*** Opening Extracted entries ***
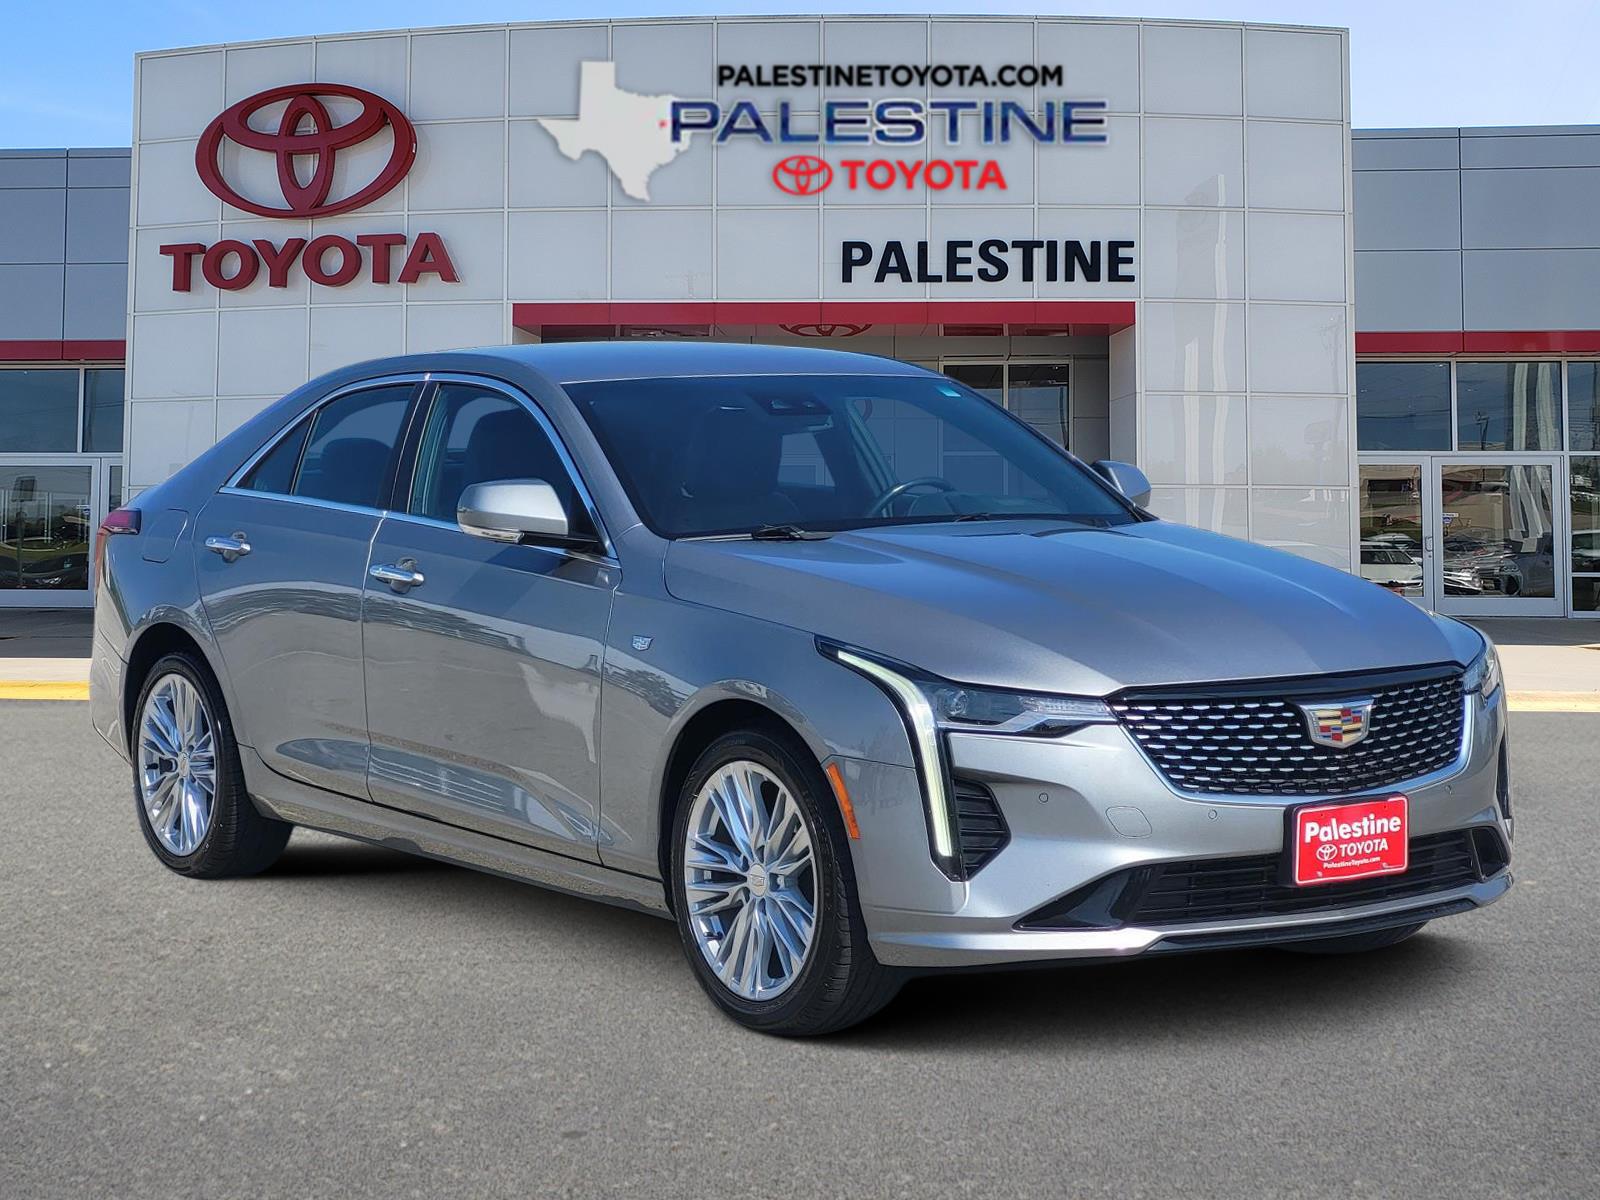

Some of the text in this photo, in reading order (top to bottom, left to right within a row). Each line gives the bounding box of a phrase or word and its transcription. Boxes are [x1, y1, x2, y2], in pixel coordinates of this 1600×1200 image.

[160, 232, 461, 291] TOYOTA
[842, 240, 1135, 283] PALESTINE
[1304, 814, 1402, 843] Palestine
[1340, 838, 1389, 857] TOYOTA
*** Closing Extracted entries ***
Task to complete:
Since the pictures are not part of the copy, transcribe only the remaining material, exactly.

Result of the exercise:
Some of the text in this photo, in reading order (top to bottom, left to right within a row). Each line gives the bounding box of a phrase or word and its transcription. Boxes are [x1, y1, x2, y2], in pixel coordinates of this 1600×1200 image.

[160, 232, 461, 291] TOYOTA
[842, 240, 1135, 283] PALESTINE
[1304, 814, 1402, 843] Palestine
[1340, 838, 1389, 857] TOYOTA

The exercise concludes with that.